Aster Navas
Profesor

El mentón de Irene

Fue ahí, en el control de ese músculo, en ese reducido espacio, donde se libraba la verdadera batalla; en su tensión contenida

Martes. Un compañero del instituto me dice, bajando ligeramente la voz, que acaba de ser abuelo. Al parecer, al volver a tener en los brazos a la criatura, ha recuperado sensaciones que experimentó, hace ya décadas, cuidando de sus hijos y que creía olvidadas; los mismos balanceos con que los acunaba; el mismo baile con flexión de menisco con que calmaba sus llantos; el mismo toque de muñeca sobre la espalda del bebé para evitar los cólicos… –Ojeras, vuelvo a tener ojeras –me dice como quien regresa descolocado de un déjà vu.

Miércoles.
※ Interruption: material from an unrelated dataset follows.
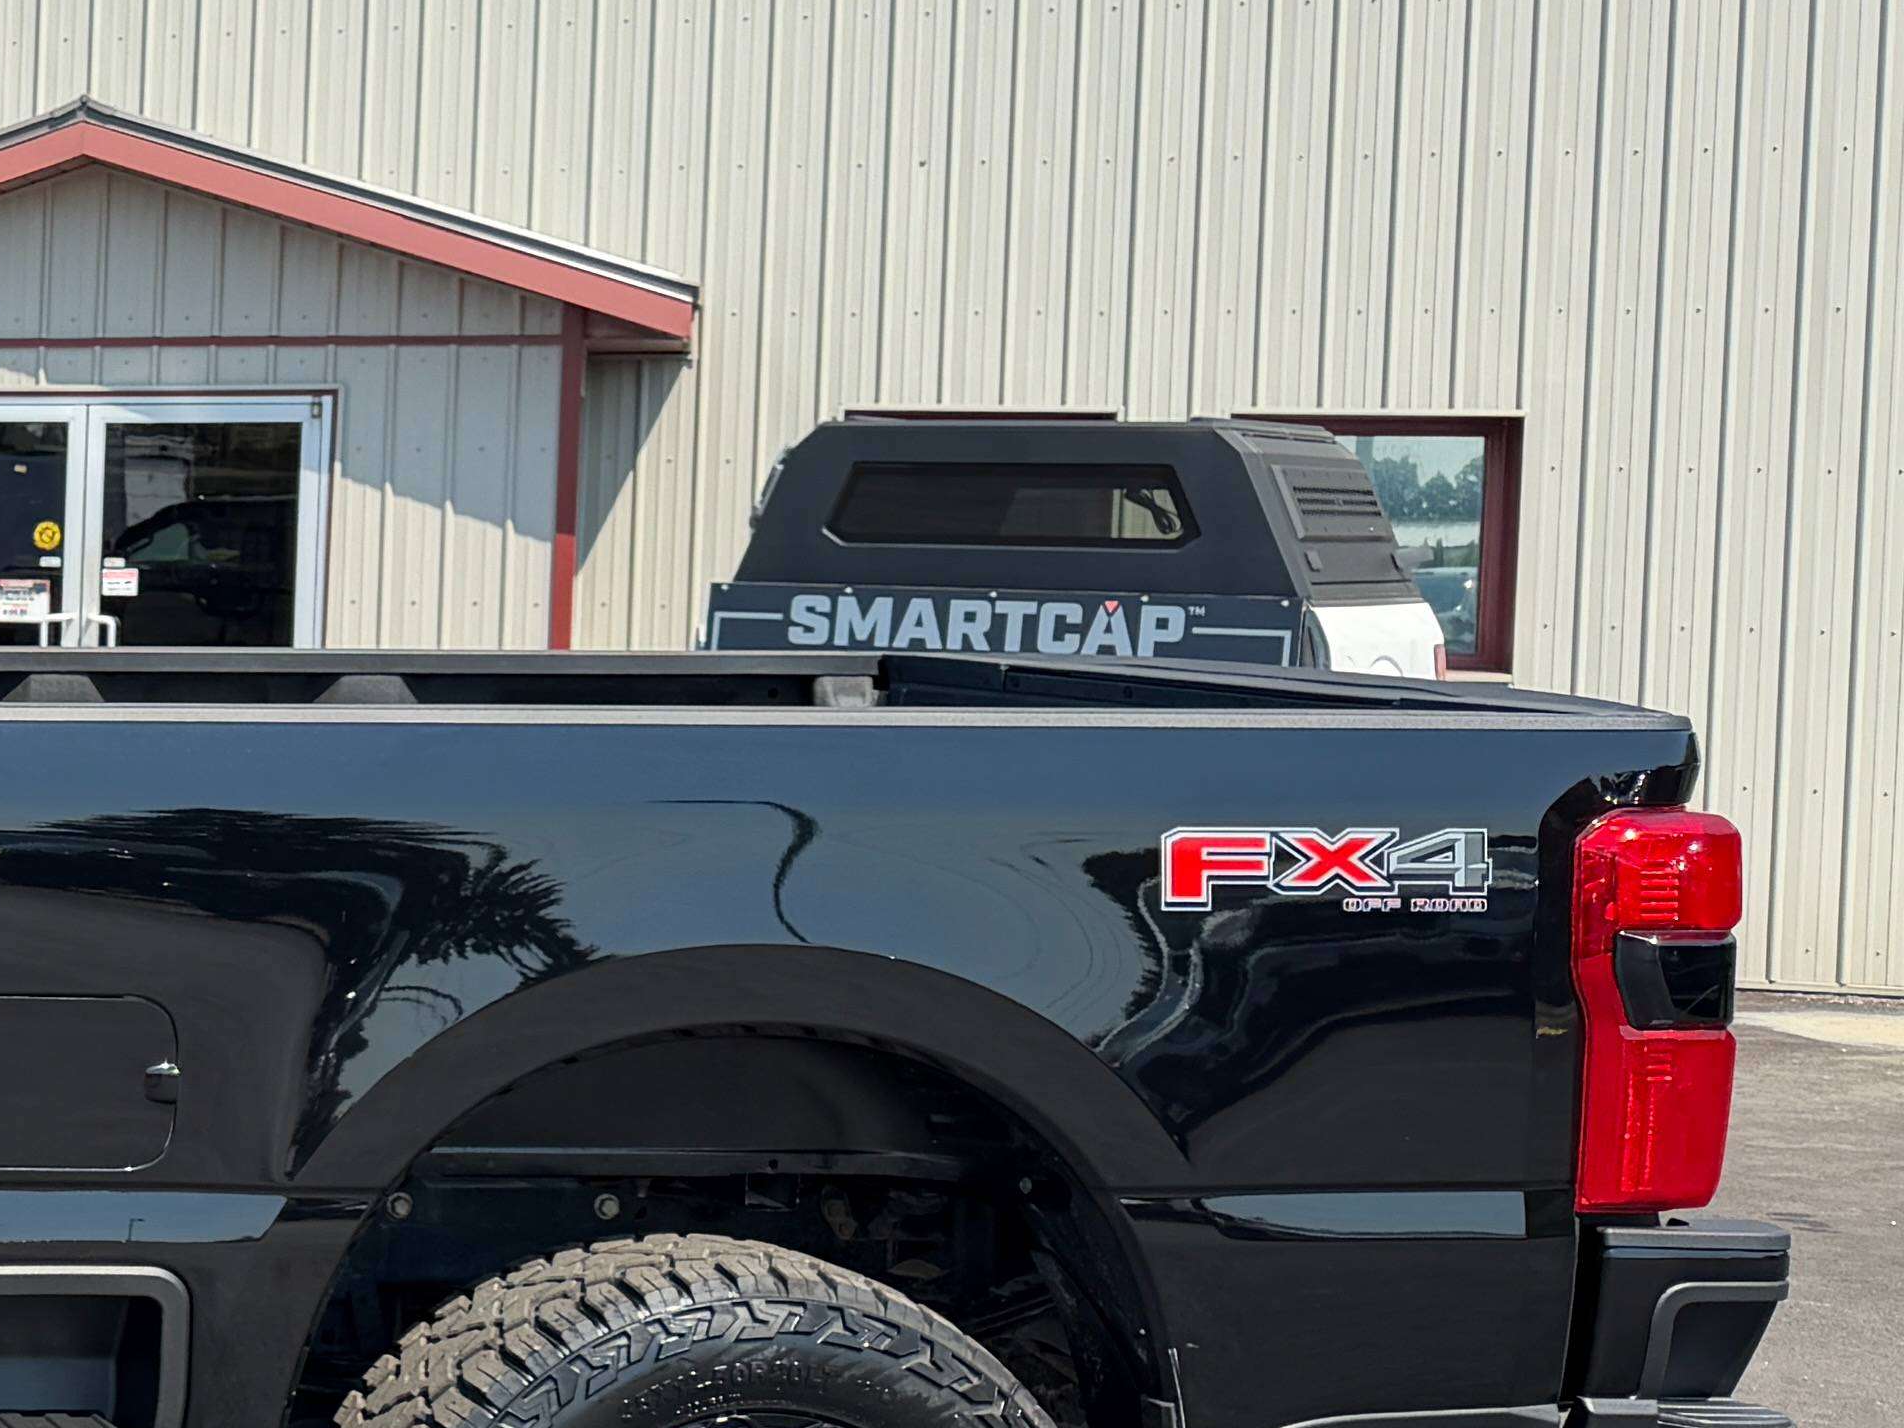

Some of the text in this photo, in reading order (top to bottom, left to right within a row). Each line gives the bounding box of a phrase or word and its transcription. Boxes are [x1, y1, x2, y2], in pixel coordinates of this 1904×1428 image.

Tropiezo en la Red con la «memoria muscular»; esa que, aunque pasen los años, nos permite nadar, subirnos a una bicicleta, patinar, articular una expresión, controlarla, liberarla, sofocarla; besar, coser, lanzar una peonza, hacer una peineta... Al parecer esos movimientos no solo han quedado registrados neurológicamente sino también orgánicamente. Vamos, que al tendón rotuliano y al tibial anterior les pones un pedal a tiro y, tras unos segundos de duda, recuperan un giro, una coordinación que creíamos olvidada pero que sigue ahí.
Que en un momento determinado te llevan los demonios, pues ahí está la mandíbula sujetando emociones; que algo te enerva, ahí está tu ceño frunciéndose. Resumiendo, resulta complicado delimitar dónde termina nuestro sistema nervioso, el software, y dónde comienza nuestra maquinaria analógica, el hardware.
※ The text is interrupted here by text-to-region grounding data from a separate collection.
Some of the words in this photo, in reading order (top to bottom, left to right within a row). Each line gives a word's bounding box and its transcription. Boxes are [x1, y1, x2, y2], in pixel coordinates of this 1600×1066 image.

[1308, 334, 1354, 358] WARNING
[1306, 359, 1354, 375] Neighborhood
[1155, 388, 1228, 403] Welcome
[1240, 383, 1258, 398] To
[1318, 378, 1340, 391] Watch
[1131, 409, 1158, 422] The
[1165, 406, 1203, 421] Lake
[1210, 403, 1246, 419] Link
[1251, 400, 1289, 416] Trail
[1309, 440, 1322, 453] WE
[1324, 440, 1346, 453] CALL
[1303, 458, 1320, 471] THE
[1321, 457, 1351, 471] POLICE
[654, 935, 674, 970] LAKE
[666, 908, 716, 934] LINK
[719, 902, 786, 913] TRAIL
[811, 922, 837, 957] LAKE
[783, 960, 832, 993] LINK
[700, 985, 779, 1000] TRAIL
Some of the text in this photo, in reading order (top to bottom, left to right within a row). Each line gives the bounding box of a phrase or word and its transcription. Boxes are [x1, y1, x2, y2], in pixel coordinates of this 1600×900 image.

Jueves. El día se puede resumir con un primer plano de Irene Montero. Todos estuvimos pendientes, hicimos zoom sobre su barbilla para atisbar si definitivamente se iba a derrumbar; si se le iba a quebrar el gesto tras la movida con Carla Toscano. Fue ahí, en el control de ese músculo, en ese reducido espacio, donde se libraba la verdadera batalla; en su tensión contenida. Esa que experimentamos todos desde niños en momentos de impotencia o de rabia. Quizá en esos instantes televisivos se produjera un efecto de identificación que hacía tiempo que no vivíamos.

Viernes. Dejo el teclado y cojo un bolígrafo. Quiero comprobar que mi memoria muscular sigue intacta y que mantengo esa mágica psicomotricidad que nos permite transcribir lo que pensamos, lo que imaginamos mientras nos acariciamos la barbilla; trasladarlo del cerebro al papel. Tras unos momentos de desconcierto, el índice y el pulgar acomodan el Bic sobre la cadera del dedo corazón; anular y meñique hacen piña mecánicamente con sus compañeros. Tiene algo de coreografía. La mano se emociona tocada por una suerte de nostalgia. No resulta extraño que la grafología pueda deducir tantas cosas a partir de unas líneas manuscritas.
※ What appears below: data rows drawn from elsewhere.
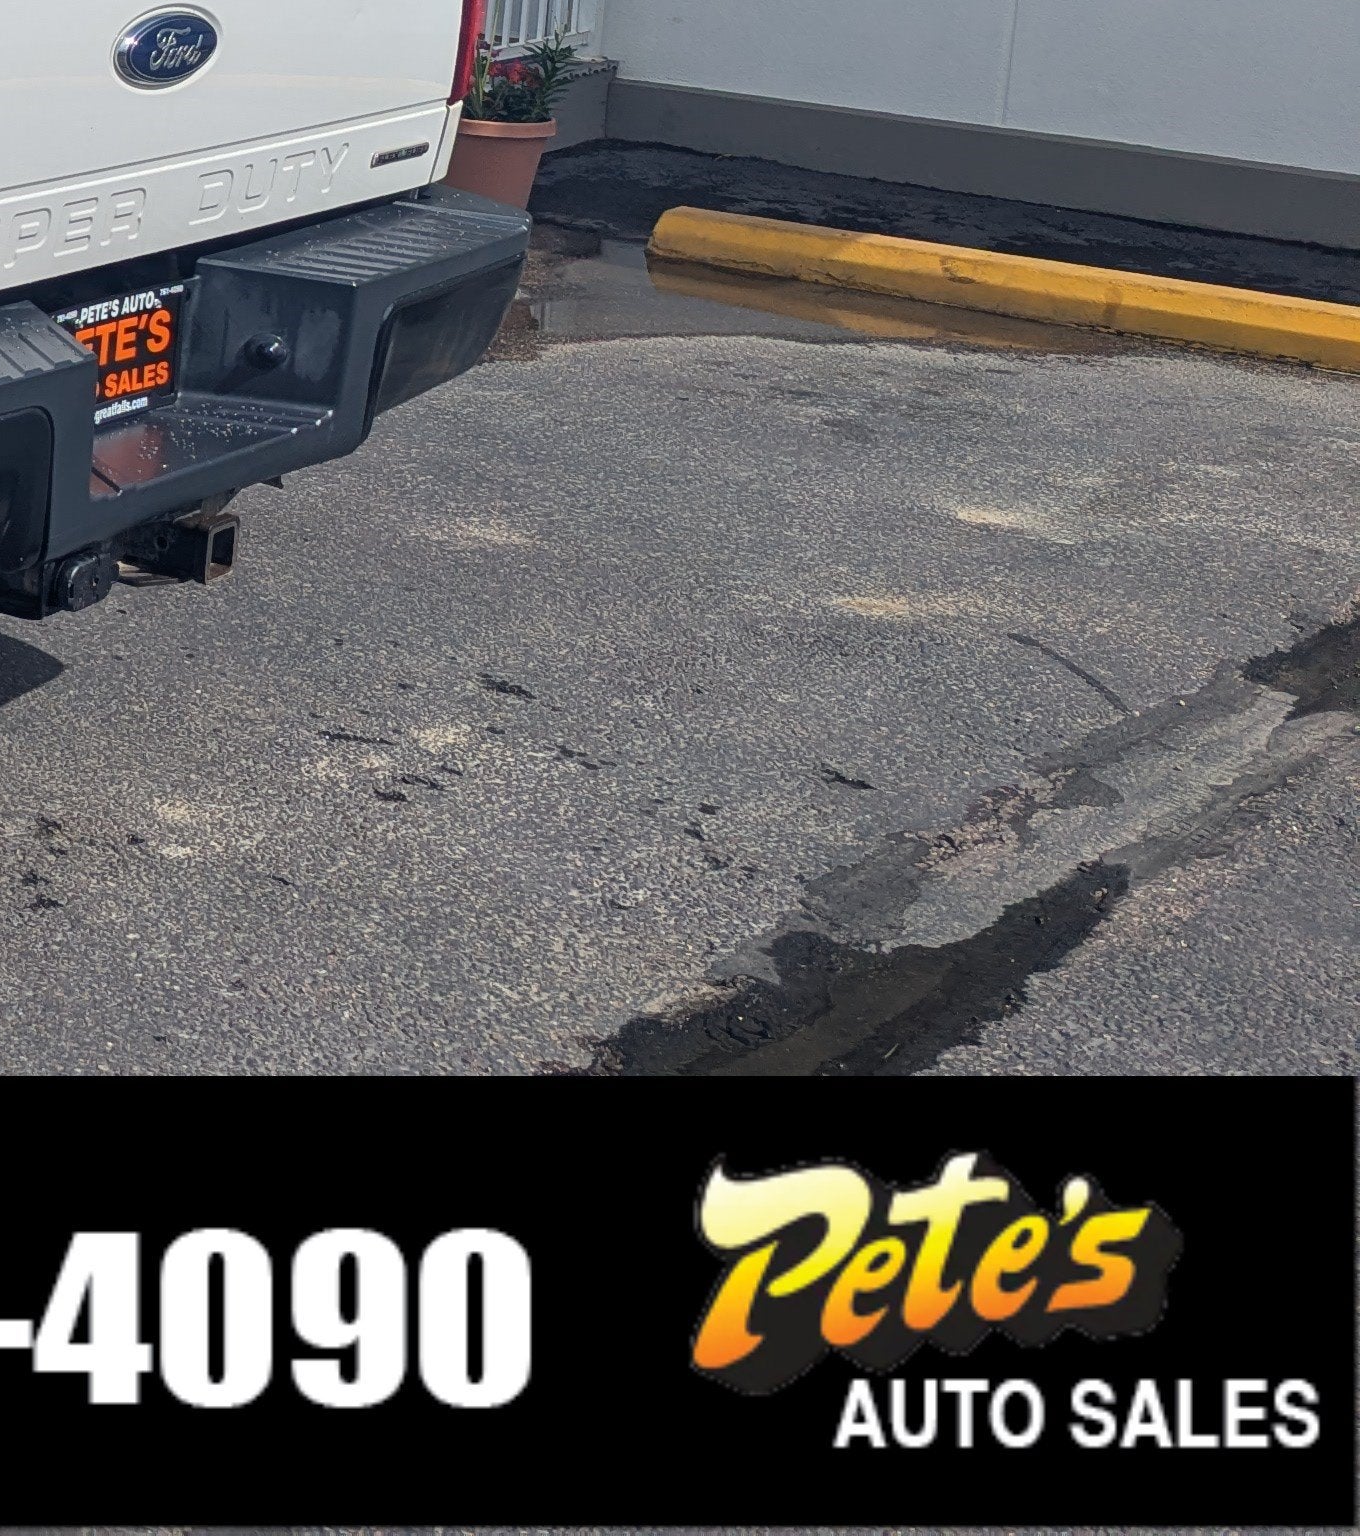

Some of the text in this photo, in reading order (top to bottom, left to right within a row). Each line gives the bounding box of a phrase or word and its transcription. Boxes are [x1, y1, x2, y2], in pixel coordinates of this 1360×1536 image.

[150, 26, 203, 70] Ford
[188, 142, 350, 227] DUTY
[80, 291, 155, 325] PETE'S AUTO
[75, 309, 171, 366] ETE'S
[105, 361, 170, 398] SALES
Sábado. Leo en un diario digital que buena parte del éxito del ejército ucraniano se basa en sus fusiles de asalto (UAR-15…), mucho más evolucionados, ligeros y ergonómicos que los Kalashnikov rusos. Me da por pensar si, cuando acabe esta guerra, los soldados –como el chófer jubilado siente aún el volante, el carpintero la empuñadura de la gubia, el panadero la rugosidad cálida de la artesa…– conservarán hibernado, adormilado, el retroceso del arma sobre el hombro; el tacto sobre el gatillo. –La posguerra puede ser movidita –pienso recordando lo que ya ocurrió con los veteranos de otros conflictos como Vietnam que regresaban a casa con estrés postraumático y napalm en las costuras del uniforme.

Domingo. En el tanatorio –gensanta… no salimos de aquí…– abrazo y me abrazan; llevamos tiempo sin hacerlo pero, tras el primer contacto de los cuerpos, estos parecen reconocerse y, con una precisión que creíamos perdida desde la pandemia, se funden; o se confunden… no lo sé muy bien. Más de una barbilla, más de un mentón flojea; son la llave de paso de las lágrimas. En fin.